> [Work instruction] Leave every picture out, and retype all the remaining records exactly.

Saved data entries
┄┄┄┄┄┄┄┄┄┄┄┄┄┄┄┄┄┄┄┄

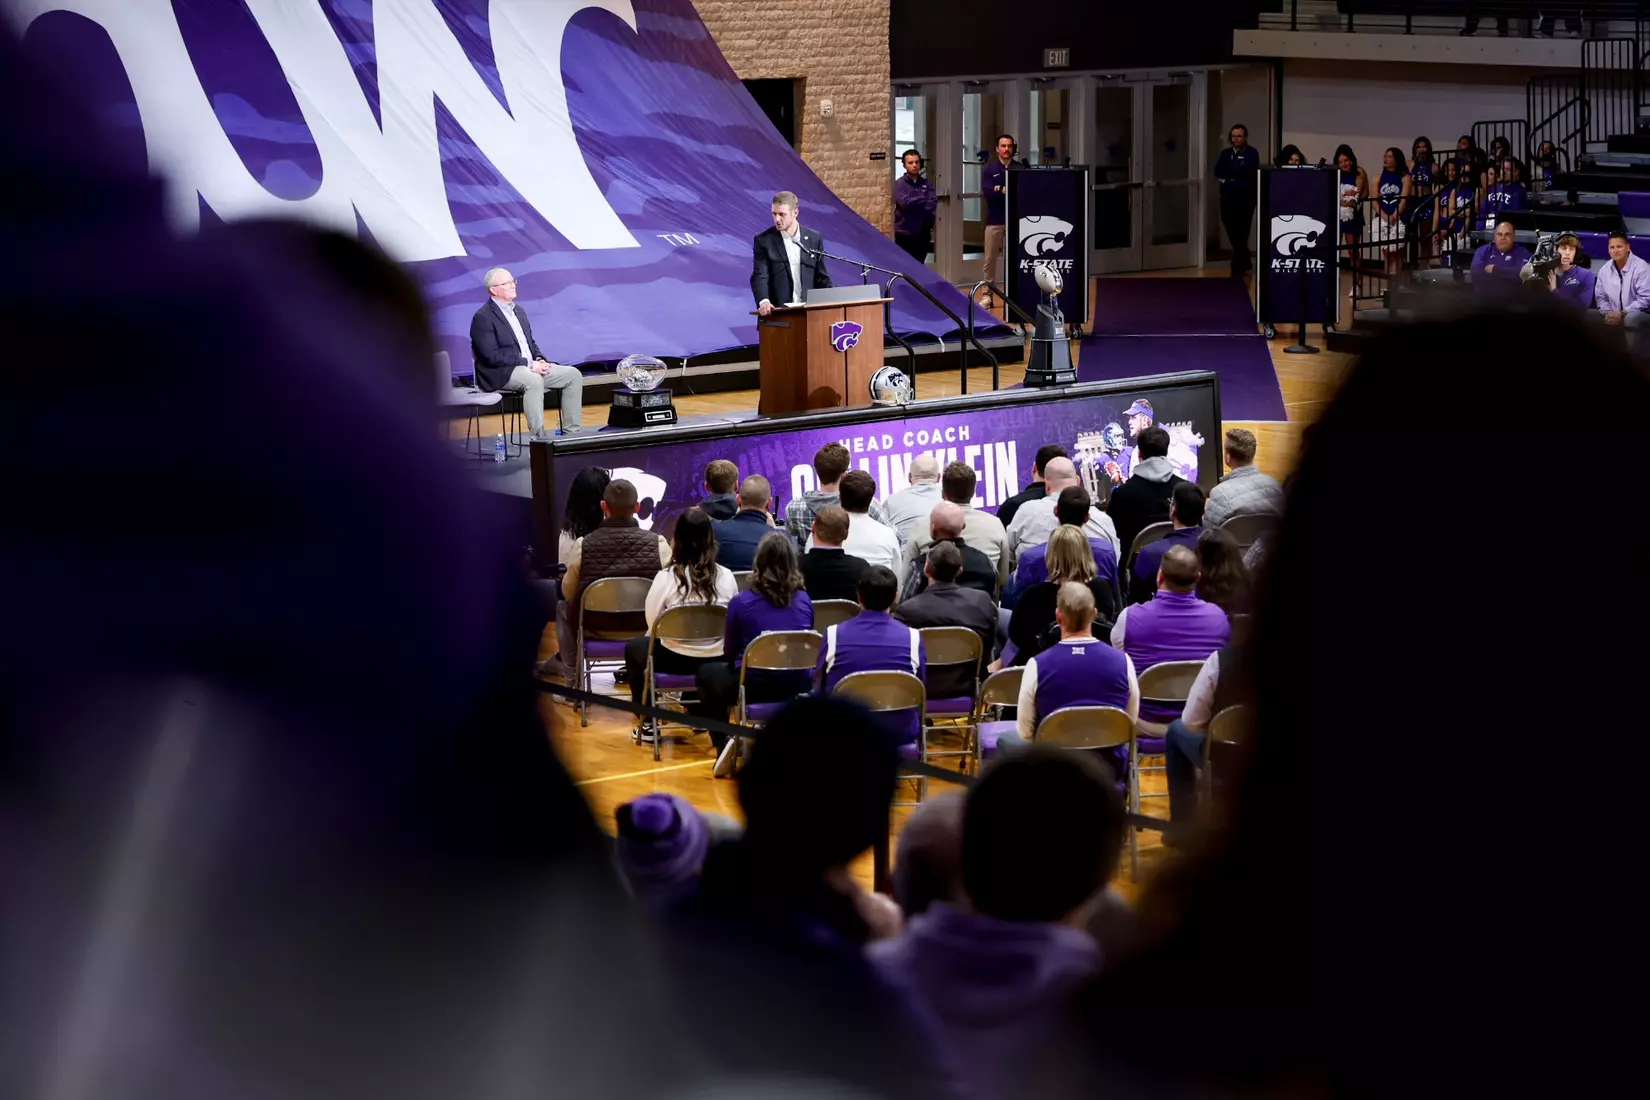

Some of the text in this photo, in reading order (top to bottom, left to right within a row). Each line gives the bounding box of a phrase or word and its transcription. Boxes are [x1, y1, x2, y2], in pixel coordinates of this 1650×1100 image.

[1049, 50, 1067, 66] EXIT
[656, 232, 700, 247] TM
[1020, 259, 1074, 269] K-STATE
[838, 425, 970, 453] HEAD COACH
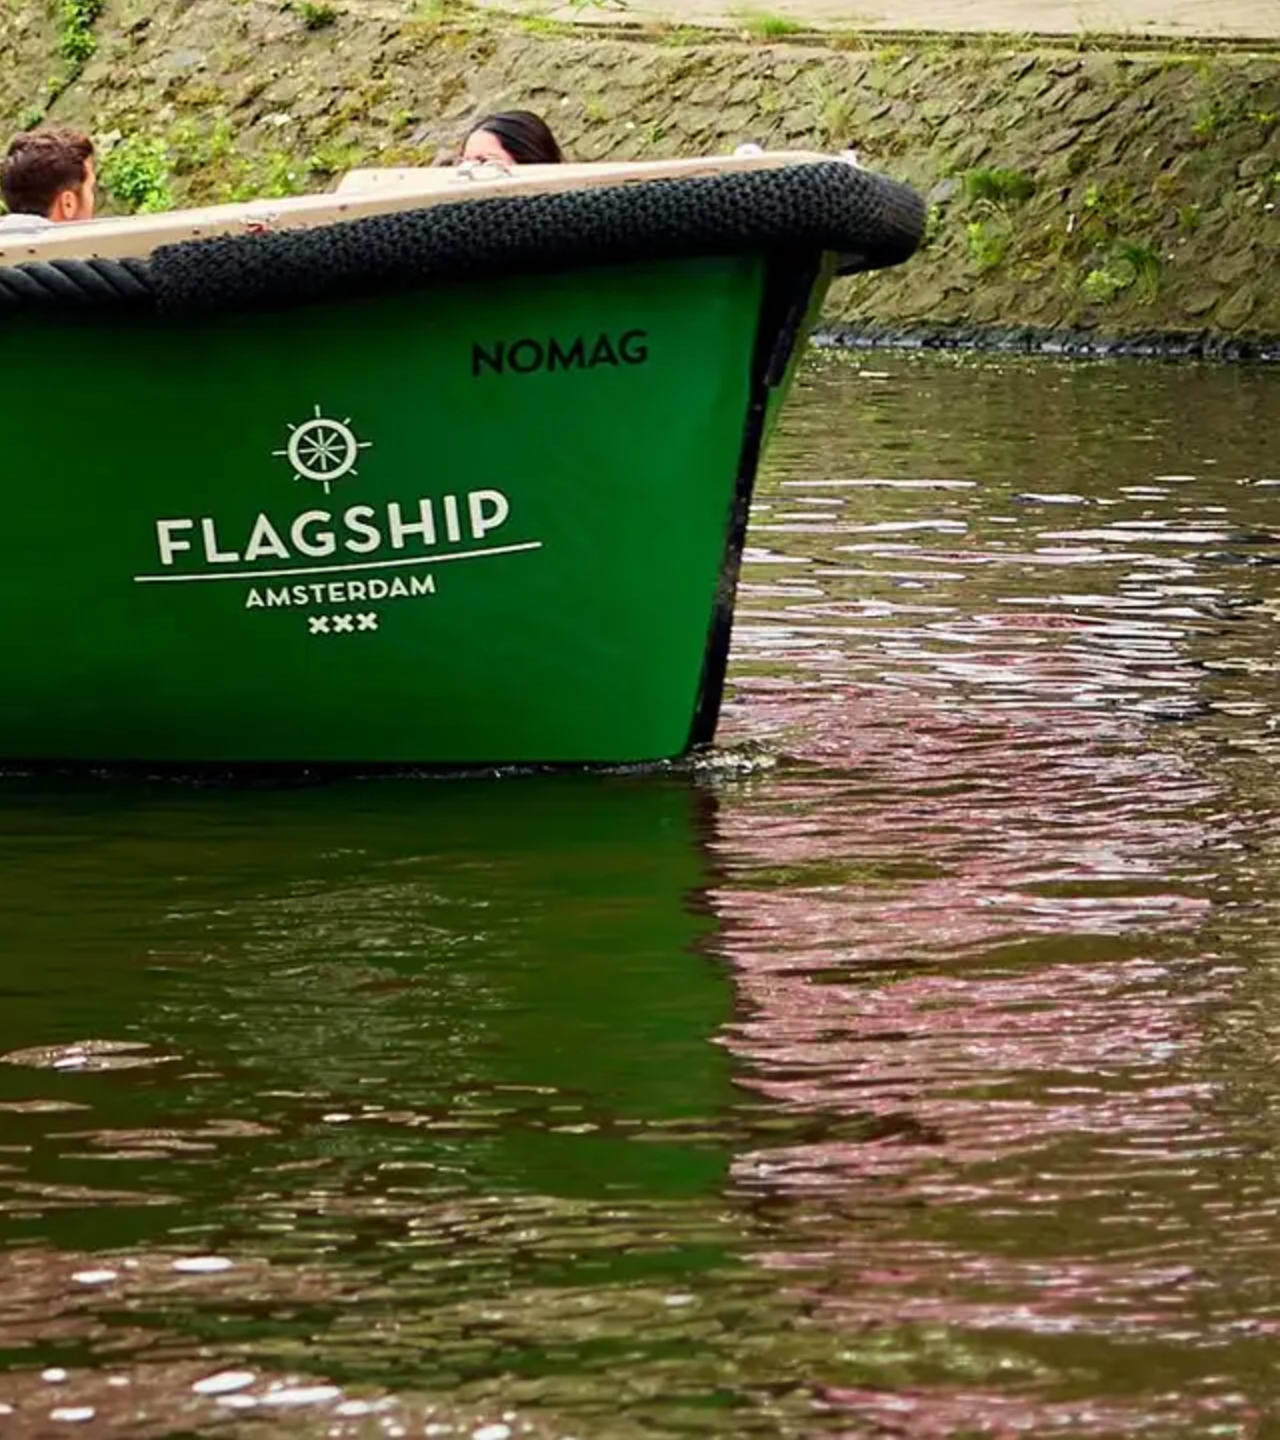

┄┄┄┄┄┄┄┄┄┄┄┄┄┄┄┄┄┄┄┄

> [Exercise solution]
Some of the text in this photo, in reading order (top to bottom, left to right within a row). Each line gives the bounding box of a phrase or word and its transcription. Boxes are [x1, y1, x2, y2], in pixel coordinates of this 1650×1100 image.

[1049, 50, 1067, 66] EXIT
[656, 232, 700, 247] TM
[1020, 259, 1074, 269] K-STATE
[838, 425, 970, 453] HEAD COACH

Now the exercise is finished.